Here's a link to my flickr galleries to show the look we gravitate to. . . It really helps us down-size our interior decorating when we have a clear understanding of what we like! And yes - there's a little tchotchke there, too!
Note: If you are like me and have very eclectic tastes, I recommend you do the same. Do a search at flickr for "cottage", "interiors", "country decorating" & similar searches & make note of the ones that take your breath away. That way you know you are being true to yourself. If it takes your breath away - it's YOU!

Yeah - we really like the naturey stuff!
I hope you have a restful evening . . . & hopefully I'll see you again tomorrow.


PS - It really doesn't matter if it's called a cabin, cottage, or farmhouse. The very most important thing is that we call it


OK - Easter has come & gone & I'm sitting at the computer, early Monday morning. How did it go? How was our first holiday in the down-sized cozy little cabin?

The entry before this one tells of the very few ways we were decorating this year & I think you can tell from the photo montage above that there is no doubt Spring/Easter has arrived in east TX!

Do you notice there is not a lot of Easter "stuff" to put away? At most if would be the little bunny . . . but I like him a lot as he reminds me of my dearest childhood friend, Brenda, who collected bunnies & I'll leave him out all year. Wouldn't he look very patriotic with a little American flag to celebrate Independence Day?

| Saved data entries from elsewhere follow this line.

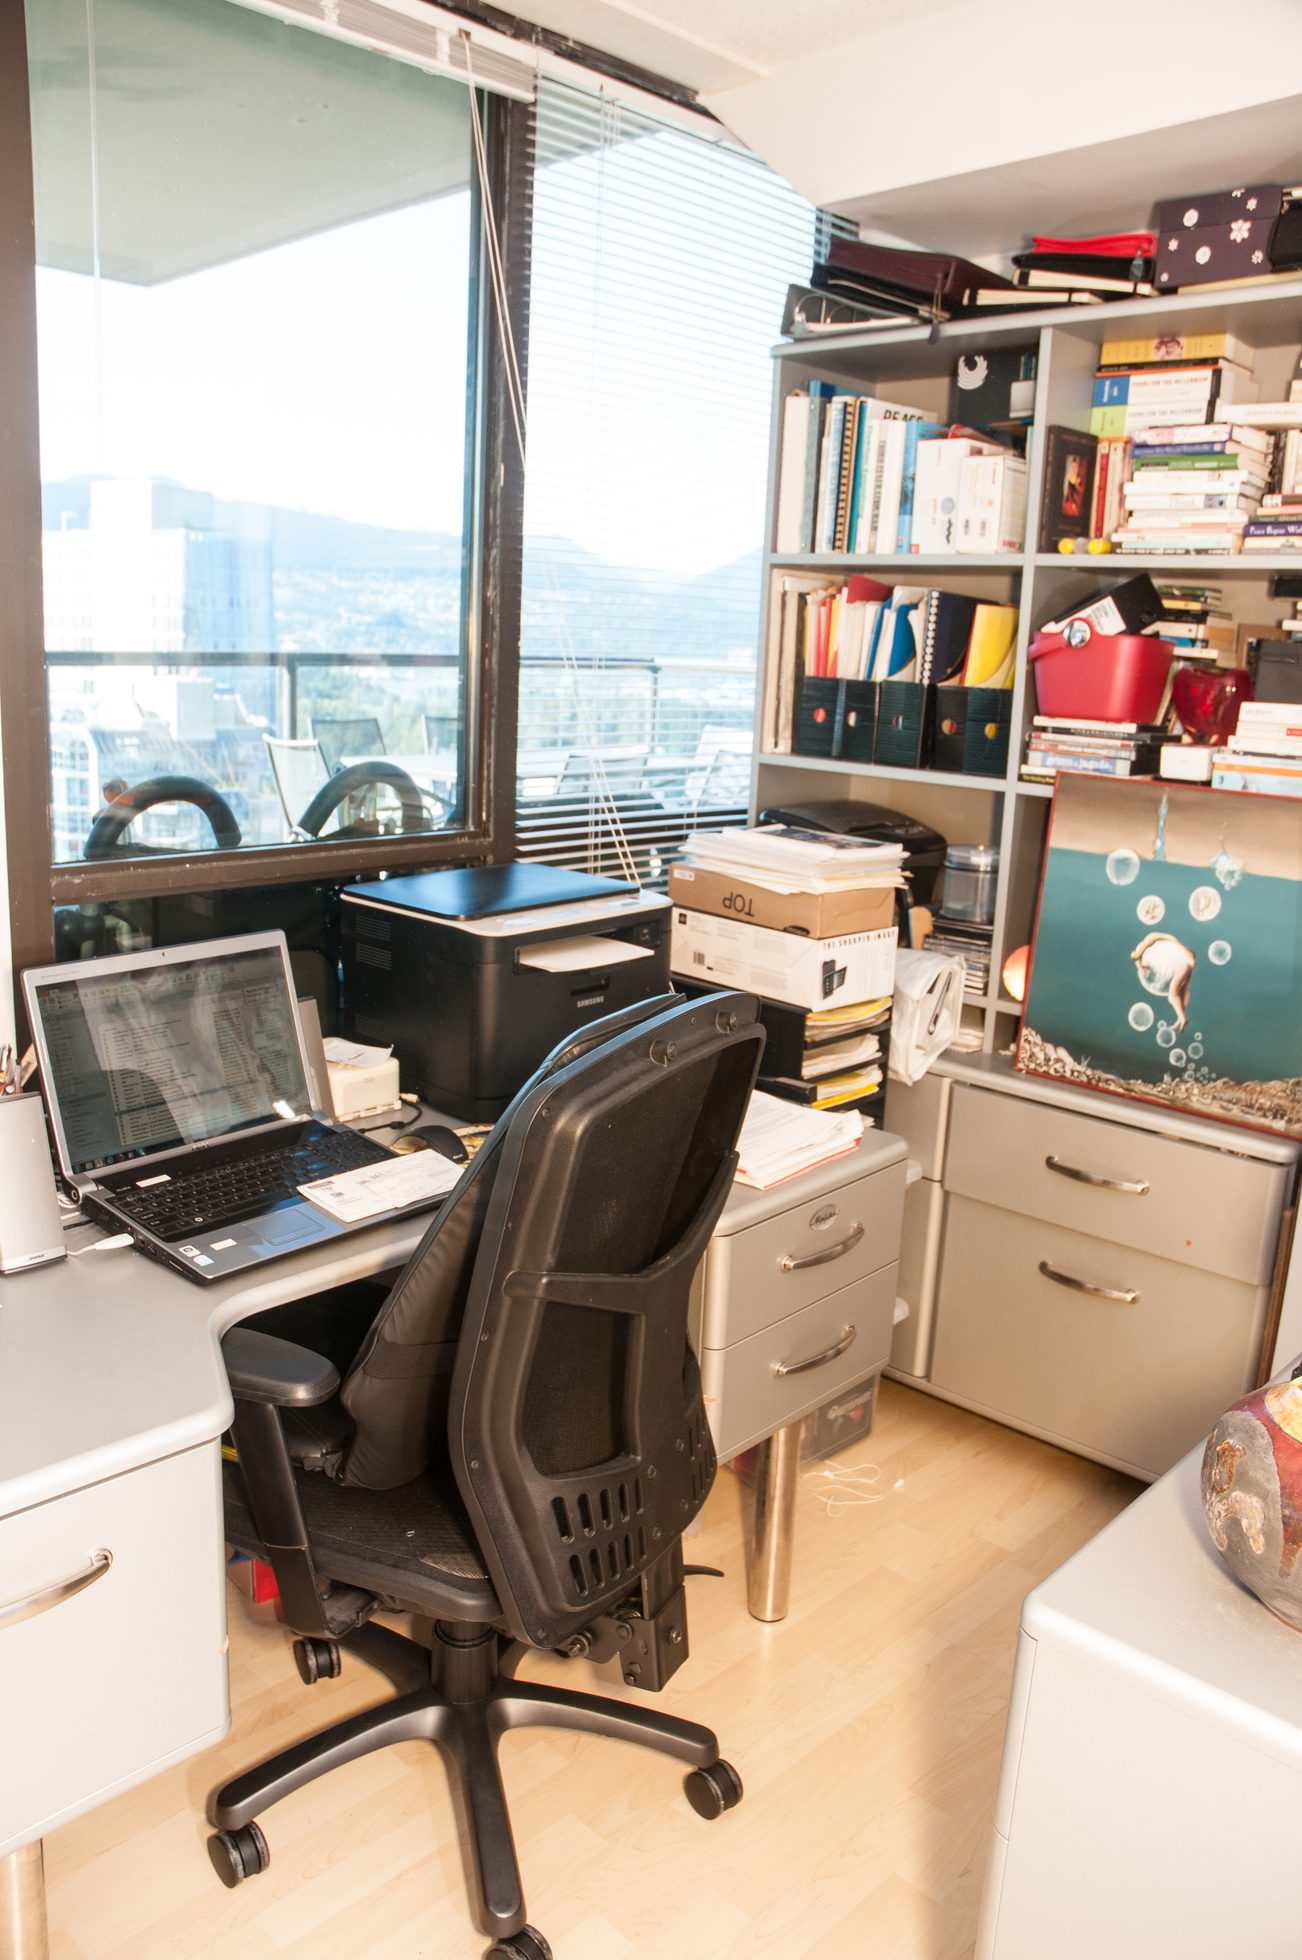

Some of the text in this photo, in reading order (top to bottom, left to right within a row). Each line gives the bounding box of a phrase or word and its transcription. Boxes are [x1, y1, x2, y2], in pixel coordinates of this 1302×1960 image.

[1174, 376, 1208, 385] MILLENNIUM
[1169, 407, 1203, 416] MILLENNIUM
[722, 891, 755, 917] TOP
[838, 934, 871, 948] SHARPER
[874, 930, 896, 942] IMAGE
[576, 995, 605, 1009] SAMSUNG

The cross is really a bookend that stays out year round, as does the crystal candy dish, kerosene lamp, wire basket, Pyrex bowls, teapot & cheerful deviled egg tray. There is nothing to store for next year! Later today I'll mash the leftover colored eggs into egg salad sandwiches & deviled eggs.

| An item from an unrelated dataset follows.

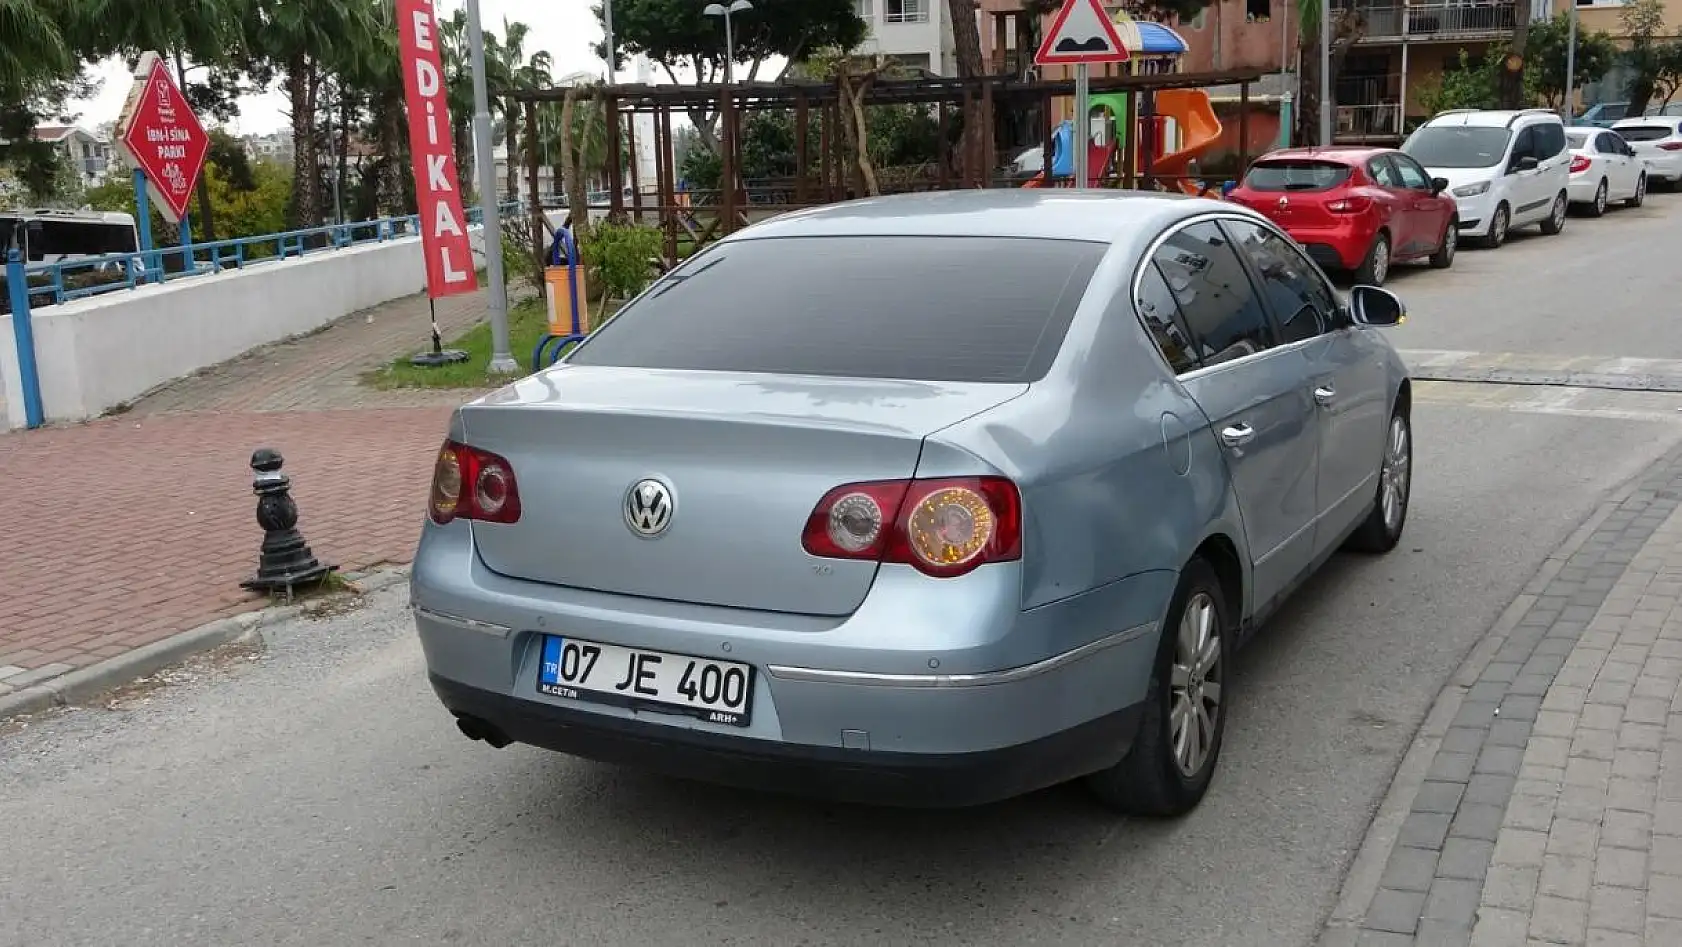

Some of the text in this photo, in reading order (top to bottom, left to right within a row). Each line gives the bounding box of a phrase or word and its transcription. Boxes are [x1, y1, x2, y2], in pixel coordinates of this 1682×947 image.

[170, 126, 191, 142] SİNA
[157, 144, 186, 159] PARKI
[545, 643, 745, 708] TR 07 JE 400

See how easy this is? The real stars of the show were the people who honored us by spending their holiday with us. My soon-to-be 89 year old mom; my daughter & her hubby; & KI & Milan.

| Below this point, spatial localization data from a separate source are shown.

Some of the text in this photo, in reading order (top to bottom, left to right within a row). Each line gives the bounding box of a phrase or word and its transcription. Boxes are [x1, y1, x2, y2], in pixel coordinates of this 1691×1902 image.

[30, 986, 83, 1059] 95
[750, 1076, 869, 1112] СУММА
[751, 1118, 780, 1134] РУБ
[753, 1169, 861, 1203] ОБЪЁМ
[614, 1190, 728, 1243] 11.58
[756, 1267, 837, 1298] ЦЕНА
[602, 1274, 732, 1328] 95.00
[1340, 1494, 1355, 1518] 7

The 2nd photo on the 2nd row shows KI with his head thrown back in laughter. He is from Ghana, attending seminary in east TX. We were laughing about the fact that he & his wife, also from Ghana, were driven to the hospital by his Czech friend, to have their twin boys delivered by an Egyptian doctor. It's a small, small world!

By the way - even the menu was down-sized: ham & easy-to-make ham sauce; decadent mashed potatoes (made Saturday & reheated); Italian green beans; yeast rolls (Rhodes' frozen), Pineapple-Upside-Down cake (baked Saturday); teacake cookies (baked earlier in the week); dyed eggs (also earlier in the week); & iced tea (also made Saturday). Most of the really dirty prep dishes were done earlier in the week. Seeing as how we don't have a dishwasher, it's good to do a lot of the messier cooking earlier in the week. Still, I very much appreciate my hubby for washing all the dishes last night!

It's time to go & feed hubby breakfast....I bet it will include some hard-boiled eggs! :)


I haven't written about the fact that we have downsized; dramatically so! I suppose with the house and outbuildings we're now living in a home almost, but not quite, 1/2 the size of the former house. What do you think Amanda? Close to it?

I'll write later on about our desire to down-size, but for now let's talk about the realty of downsizing & decorating for special celebrations & holidays.

I need & want to downsize even more than what has already been done. I do not have the room nor the where-with-all to store & bring out a lot of "stuff" several times a year.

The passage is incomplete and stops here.